Prior research on cancer has shown how absolute and relative disparity measures can yield different conclusions about trends in population disparities and that the lack of a framework for measuring disparities can yield inconsistent communications about cancer-related health disparities and measuring progress toward national goals [15]. Absolute and relative measures take different perspectives on which aspects of population health to assess, and selecting a measure requires careful thinking about methodological issues as well as ethical and conceptual matters [15]. For example, a population health perspective prioritizes an absolute measure as a method to reflect the number of cases that would be averted from an intervention [15]. Our finding that the absolute measure was more sensitive to missing racial and ethnic information than the relative measure confirms that careful consideration is needed to select an appropriate disparity measure and interpret situations in which absolute and relative disparity measures diverge.

There are several reasons why the demographic data for reported chlamydia and gonorrhea diagnoses may be incomplete. Although standardized recommendations exist for collecting race and ethnicity information [27], demographic data collection is incomplete and inconsistent across jurisdictions and health care systems [28,29]. Incomplete collection of race and ethnicity information might result from individuals not disclosing information about their race and ethnicity because of mistrust or if they are provided with limited response options that do not match their self-identity [30]. Local health agencies’ efforts to follow up on reported diagnoses to collect additional demographic information can be costly and inefficient [31].

Implications for Practice

In our experience and based on conversations with practitioners in the field, there are 3 primary sources of race and ethnicity information for newly diagnosed chlamydia and gonorrhea infections. First, diagnostic data may be obtained from laboratory reports that are automatically submitted to health departments, which frequently omit race and ethnicity information. Second, providers may submit case reports of notifiable conditions. Although these case reports should have race and ethnicity information, they may be incomplete, and passive surveillance systems based on laboratory data and case reports may have missing demographic information unless states can do active surveillance to obtain case reports on laboratory reports for which there is no matched case report. Third, race and ethnicity information may have been collected by disease intervention specialists through partner service interviews. However, interviews are less frequently conducted for gonorrhea and chlamydia following the CDC guidelines to prioritize HIV and syphilis for outreach [21]; furthermore, the high number of gonorrhea and chlamydia cases makes it infeasible to interview all individuals. Promising strategies for improving data quality include strengthening relationships with providers to improve the completeness of reporting, focusing on large-volume providers, and updating surveillance systems to use standardized electronic reporting.

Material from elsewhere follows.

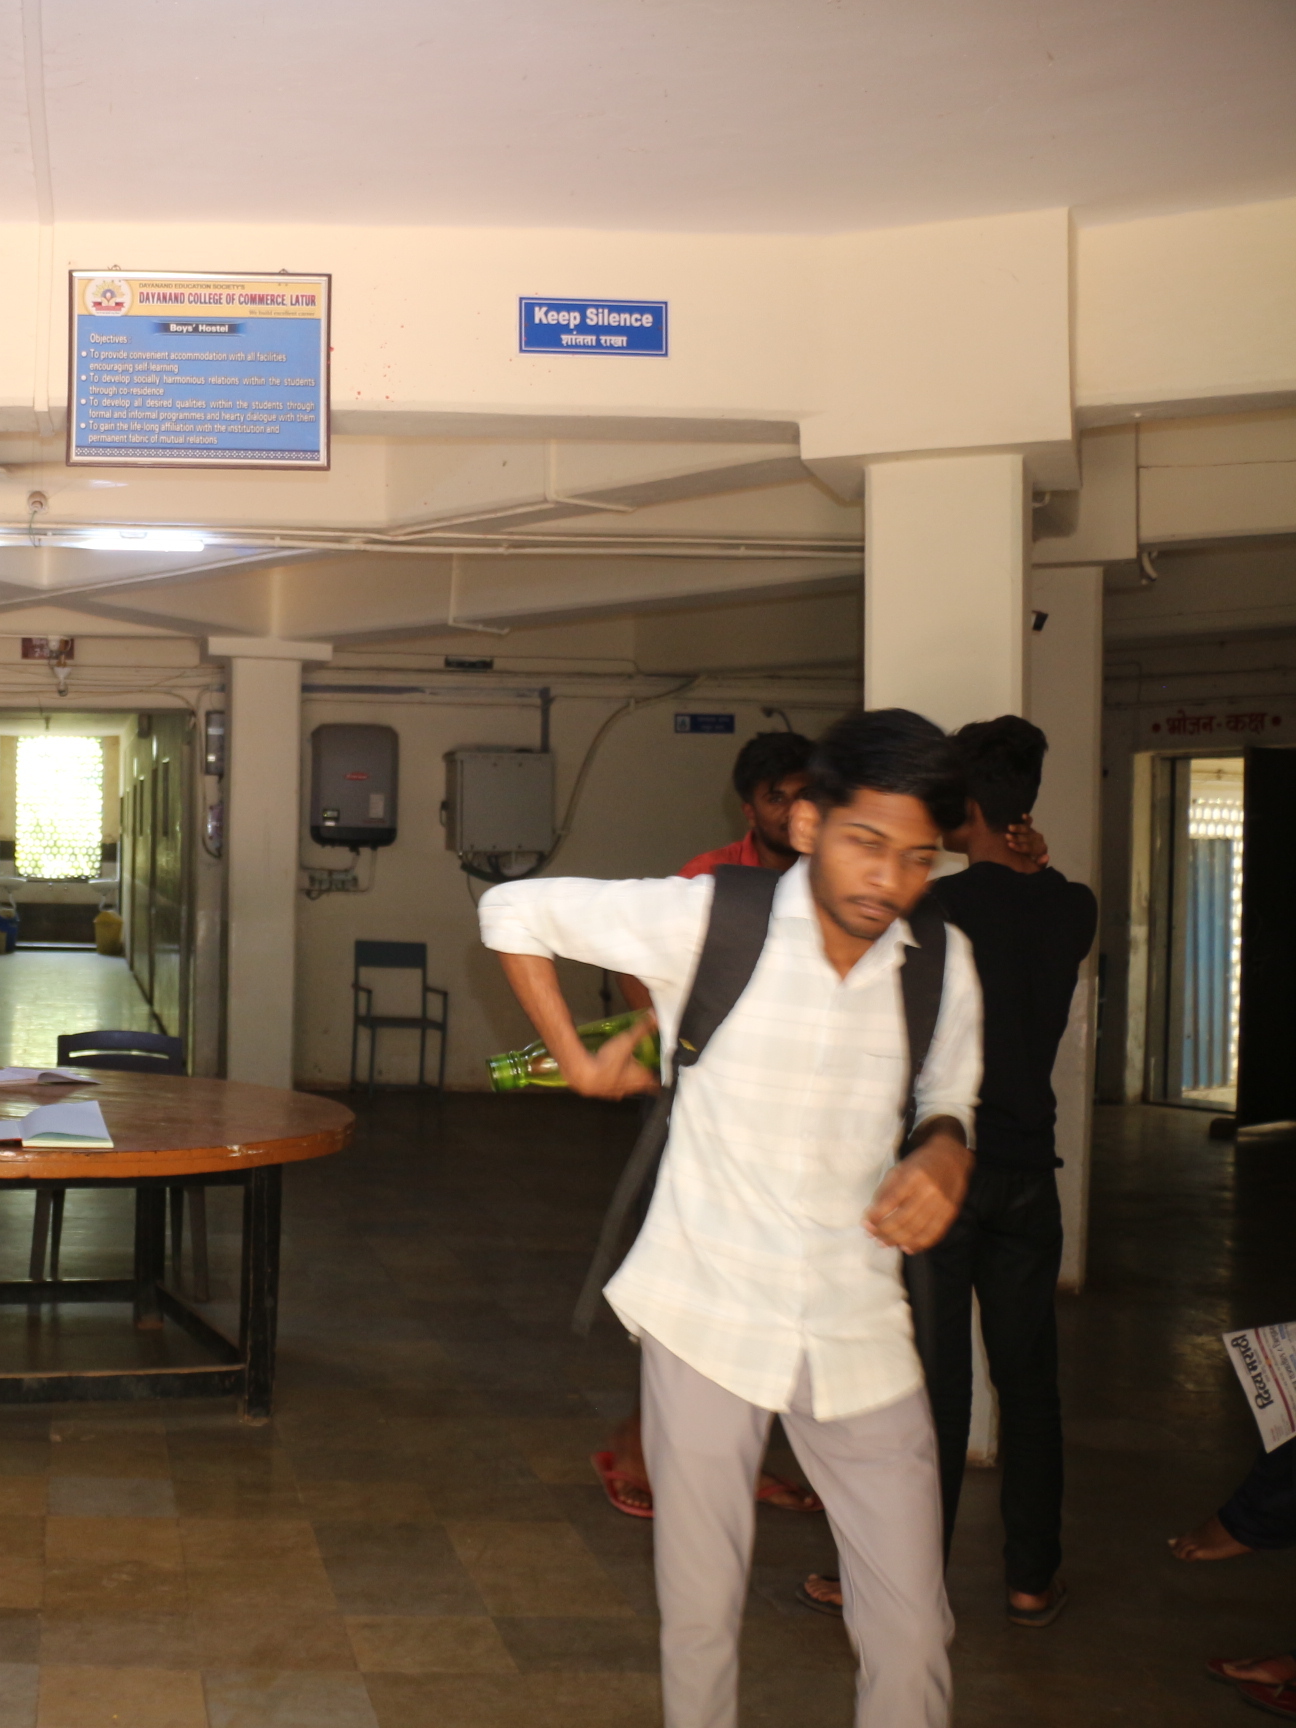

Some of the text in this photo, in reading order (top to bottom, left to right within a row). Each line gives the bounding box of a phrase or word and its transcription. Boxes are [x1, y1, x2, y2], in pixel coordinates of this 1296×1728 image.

Upstream and system-level solutions, such as enhanced electronic reporting, are needed to improve the availability of race and ethnicity information in public health surveillance systems, particularly when it is infeasible for public health workers to interview all cases. A past assessment of race and ethnicity information across different disease registries found that inconsistencies occurred more frequently among Hispanic populations and populations categorized as being in an “other” racial and ethnic group, suggesting that a more granular coding system for collecting demographic information might improve data completeness [32]. Furthermore, requiring race and ethnicity information in the initial data collection and simultaneously working with communities to improve surveillance instruments has been previously recommended to reduce the incompleteness of race and ethnicity information [30].

Informatics specialists can play important roles in designing cost-effective and interoperable solutions by defining standardized data elements, designing validation procedures, and automatically populating registries to enhance electronic reporting systems [5]. A recent case study showed that the automatic transfer of clinical data from an electronic health record system to public health surveillance improved the timeliness and quality of data with minimal manual intervention [26]. Moreover, collaboration with informatics specialists can improve the design and efficiency of data-entry systems for collecting more complete data. For example, systems can prevent progression until all required elements are filled out, and some aspects of the data entry can be automatically filled to avoid frustrating users with too many questions [3]. These types of informatics solutions could help enhance the electronic reporting of information required by public health agencies. Ultimately, obtaining more complete and accurate information on the front end is more efficient in terms of time and cost than assigning health department staff to locate persons with incomplete information for follow-up, particularly for high-morbidity diseases.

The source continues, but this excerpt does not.